Division of Reproductive Medicine, Department of Obstetrics, Gynecology and Reproductive Biology, Brigham and Women's Hospital, Harvard Medical School, 75 Francis Street, Boston, MA 02115, USA.
Department of Epidemiology, Harvard T.H. Chan School of Public Health, Boston, MA 02115, USA.
Hum Reprod. 2017 Aug 1;32(8):1604-1611. doi: 10.1093/humrep/dex229.
How does automated time-lapse annotation (Eeva™) compare to manual annotation of the same video images performed by embryologists certified in measuring durations of the 2-cell (P2; time to the 3-cell minus time to the 2-cell, or t3-t2) and 3-cell (P3; time to 4-cell minus time to the 3-cell, or t4-t3) stages?
Manual annotation was superior to the automated annotation provided by Eeva™ version 2.2, because manual annotation assigned a rating to a higher proportion of embryos and yielded a greater sensitivity for blastocyst prediction than automated annotation.
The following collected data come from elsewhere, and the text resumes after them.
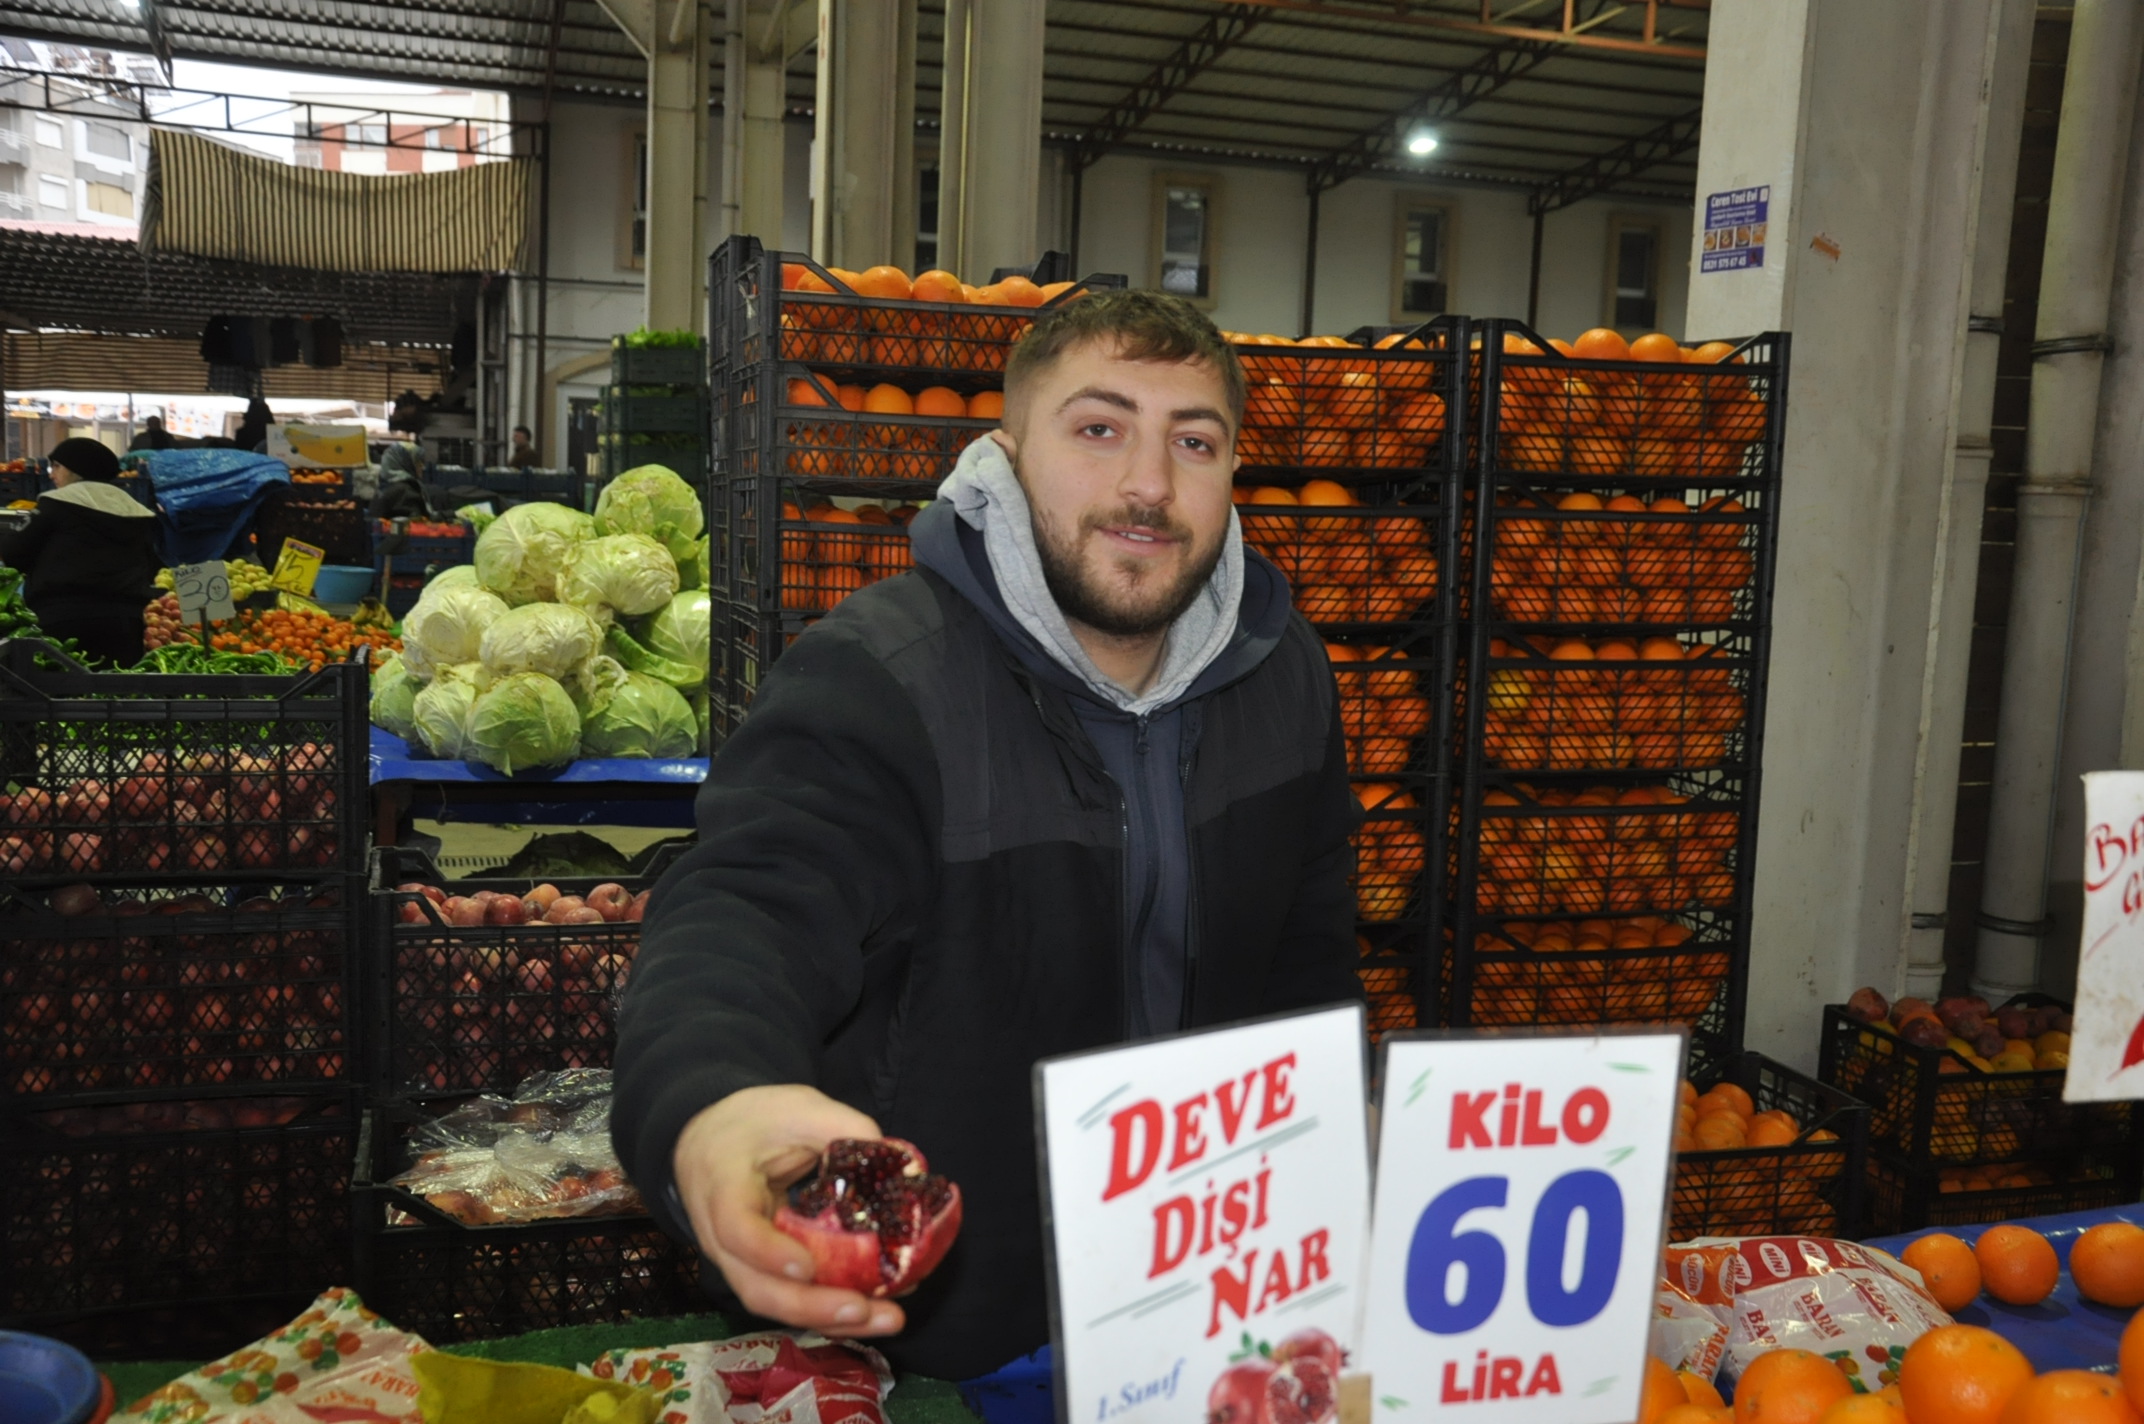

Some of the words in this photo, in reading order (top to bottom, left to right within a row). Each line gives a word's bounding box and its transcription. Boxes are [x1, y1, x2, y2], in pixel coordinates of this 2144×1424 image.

[1101, 1051, 1297, 1202] DEVE
[1147, 1151, 1273, 1280] DİŞİ
[1404, 1167, 1626, 1336] 60
[1205, 1227, 1332, 1340] NAR
[1801, 1291, 1846, 1338] BARAN
While use of the Eeva™ test has been shown to improve an embryologist's ability to predict blastocyst formation compared to Day 3 morphology alone, the accuracy of the automated image analysis employed by the Eeva™ system has never been compared to manual annotation of the same time-lapse markers by a trained embryologist.
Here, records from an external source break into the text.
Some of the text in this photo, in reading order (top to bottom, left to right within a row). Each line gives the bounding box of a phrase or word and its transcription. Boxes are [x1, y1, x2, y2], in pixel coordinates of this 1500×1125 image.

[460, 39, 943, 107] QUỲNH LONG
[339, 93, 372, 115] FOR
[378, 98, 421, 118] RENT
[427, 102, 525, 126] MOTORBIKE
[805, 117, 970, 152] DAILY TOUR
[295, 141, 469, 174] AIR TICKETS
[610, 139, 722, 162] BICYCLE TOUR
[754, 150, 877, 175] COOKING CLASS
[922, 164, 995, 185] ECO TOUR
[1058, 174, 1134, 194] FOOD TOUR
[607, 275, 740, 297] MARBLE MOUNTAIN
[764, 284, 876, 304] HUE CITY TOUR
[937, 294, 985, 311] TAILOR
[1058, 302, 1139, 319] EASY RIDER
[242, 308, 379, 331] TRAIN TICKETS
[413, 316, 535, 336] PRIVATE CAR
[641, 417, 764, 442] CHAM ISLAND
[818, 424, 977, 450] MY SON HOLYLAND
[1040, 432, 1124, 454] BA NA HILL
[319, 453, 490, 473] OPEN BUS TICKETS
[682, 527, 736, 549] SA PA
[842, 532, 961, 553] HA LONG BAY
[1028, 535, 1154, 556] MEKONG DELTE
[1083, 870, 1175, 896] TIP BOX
STUDY DESIGN, SIZE, DURATION: We conducted a prospective cohort study of embryos (n = 1477) cultured in the Eeva™ system (n = 8 microscopes) at our institution from August 2014 to February 2016.
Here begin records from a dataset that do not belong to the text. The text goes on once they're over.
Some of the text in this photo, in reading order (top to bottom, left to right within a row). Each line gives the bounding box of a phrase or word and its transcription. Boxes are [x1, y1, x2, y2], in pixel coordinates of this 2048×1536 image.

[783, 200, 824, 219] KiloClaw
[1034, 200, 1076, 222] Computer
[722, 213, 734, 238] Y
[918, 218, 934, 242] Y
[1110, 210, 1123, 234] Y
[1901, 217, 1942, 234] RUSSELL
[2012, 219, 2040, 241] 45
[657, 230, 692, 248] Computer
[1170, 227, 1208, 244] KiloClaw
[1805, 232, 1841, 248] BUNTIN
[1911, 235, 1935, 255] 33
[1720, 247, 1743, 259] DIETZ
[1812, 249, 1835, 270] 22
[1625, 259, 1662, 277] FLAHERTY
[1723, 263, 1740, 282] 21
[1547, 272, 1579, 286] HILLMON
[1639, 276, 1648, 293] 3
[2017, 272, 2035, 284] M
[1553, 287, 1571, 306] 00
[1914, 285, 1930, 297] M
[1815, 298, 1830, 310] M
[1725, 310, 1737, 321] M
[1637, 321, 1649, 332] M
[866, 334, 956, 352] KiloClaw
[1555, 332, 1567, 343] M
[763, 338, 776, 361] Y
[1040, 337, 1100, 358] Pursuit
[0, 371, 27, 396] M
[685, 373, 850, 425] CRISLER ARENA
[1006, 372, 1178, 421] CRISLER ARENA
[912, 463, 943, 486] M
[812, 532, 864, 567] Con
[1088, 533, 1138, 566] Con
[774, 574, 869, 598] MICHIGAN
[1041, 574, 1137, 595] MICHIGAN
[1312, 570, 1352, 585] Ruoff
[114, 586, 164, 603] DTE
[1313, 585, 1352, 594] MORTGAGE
PARTICIPANTS/MATERIALS, SETTING, METHODS: Embryos were assigned a blastocyst prediction rating of High (H), Medium (M), Low (L), or Not Rated (NR) by Eeva™ version 2.2 according to P2 and P3. An embryologist from a team of 10, then manually annotated each embryo and if the automated and manual ratings differed, a second embryologist independently annotated the embryo. If both embryologists disagreed with the automated Eeva™ rating, then the rating was classified as discordant. If the second embryologist agreed with the automated Eeva™ score, the rating was not considered discordant. Spearman's correlation (ρ), weighted kappa statistics and the intra-class correlation (ICC) coefficients with 95% confidence intervals (CI) between Eeva™ and manual annotation were calculated, as were the proportions of discordant embryos, and the sensitivity, specificity, positive predictive value (PPV) and NPV of each method for blastocyst prediction.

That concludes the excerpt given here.